_What the exercise asks_
Print the entries verbatim, leaving out the images they contain.

**** Data for this task

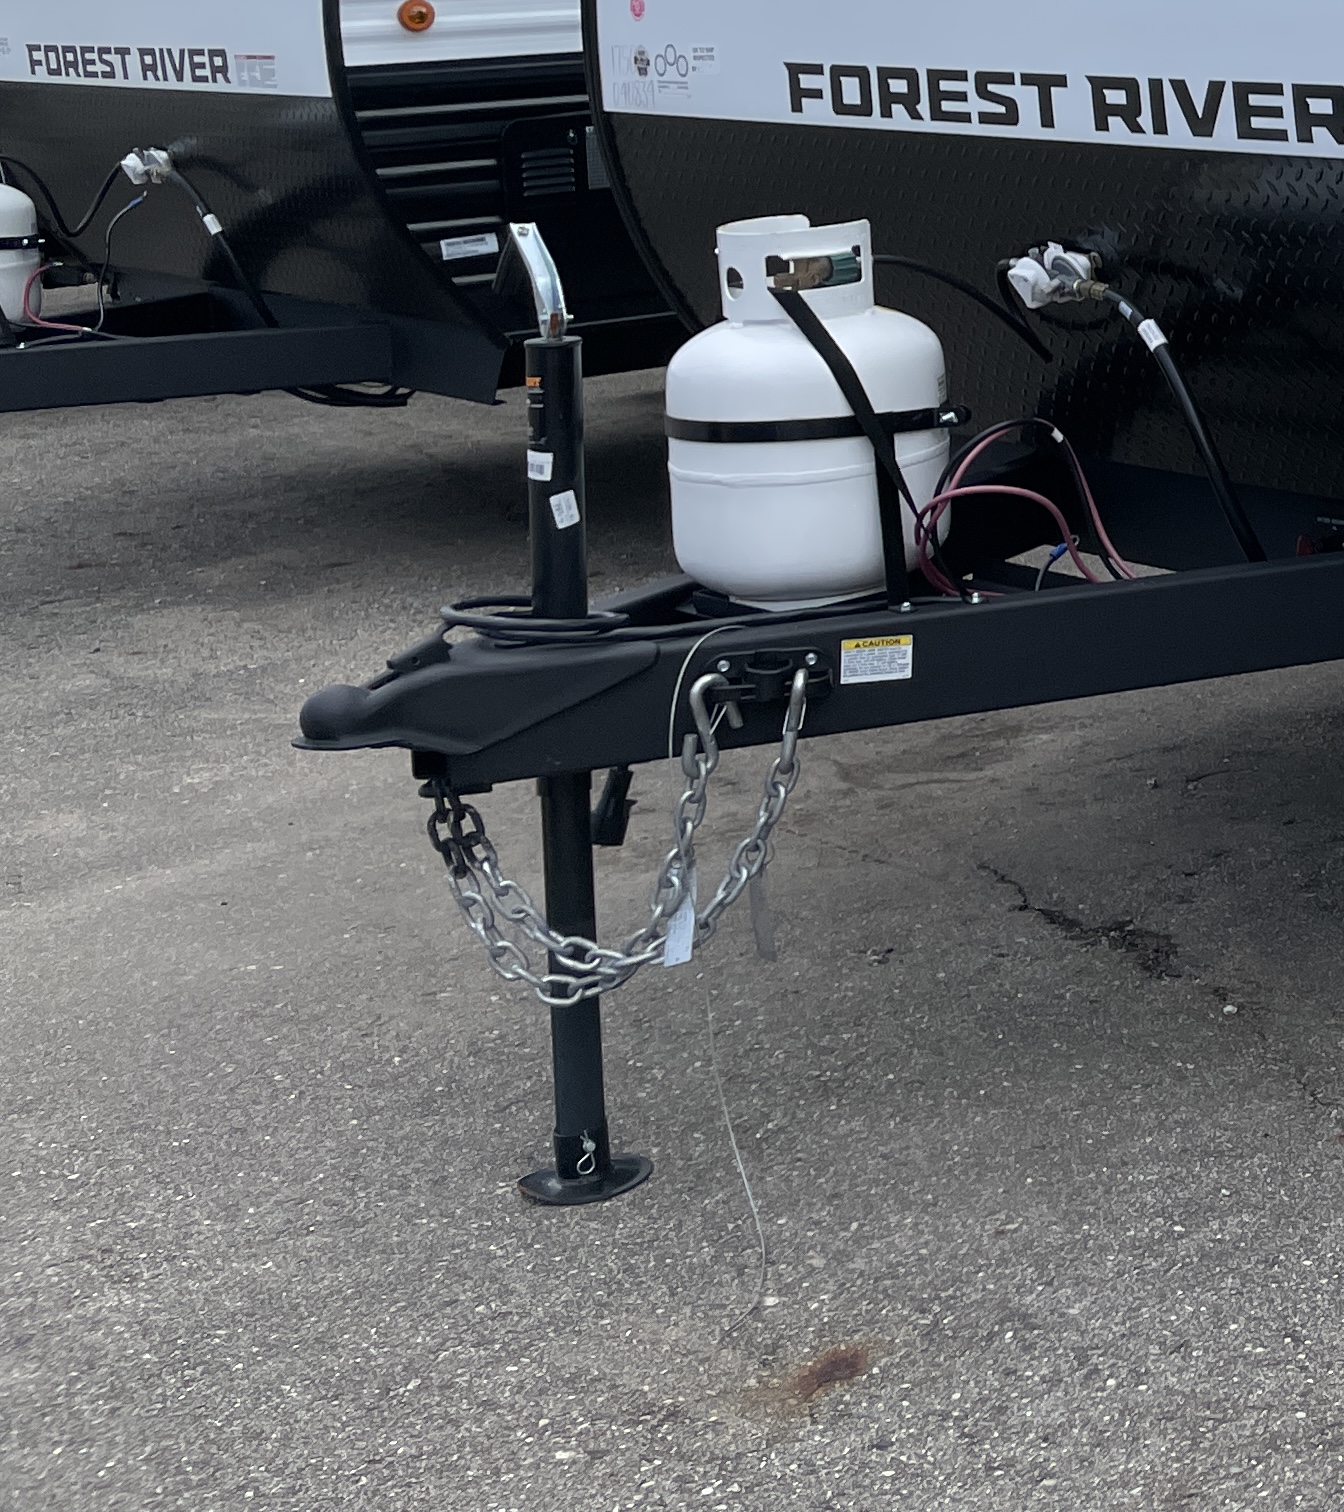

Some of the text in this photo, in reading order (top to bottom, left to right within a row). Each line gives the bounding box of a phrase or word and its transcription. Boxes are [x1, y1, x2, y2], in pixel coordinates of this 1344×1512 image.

[25, 43, 132, 81] FOREST
[136, 46, 233, 85] RIVER
[782, 61, 1068, 129] FOREST
[862, 638, 901, 648] CAUTION

********

_Result of this exercise_
Some of the text in this photo, in reading order (top to bottom, left to right within a row). Each line gives the bounding box of a phrase or word and its transcription. Boxes are [x1, y1, x2, y2], in pixel coordinates of this 1344×1512 image.

[25, 43, 132, 81] FOREST
[136, 46, 233, 85] RIVER
[782, 61, 1068, 129] FOREST
[862, 638, 901, 648] CAUTION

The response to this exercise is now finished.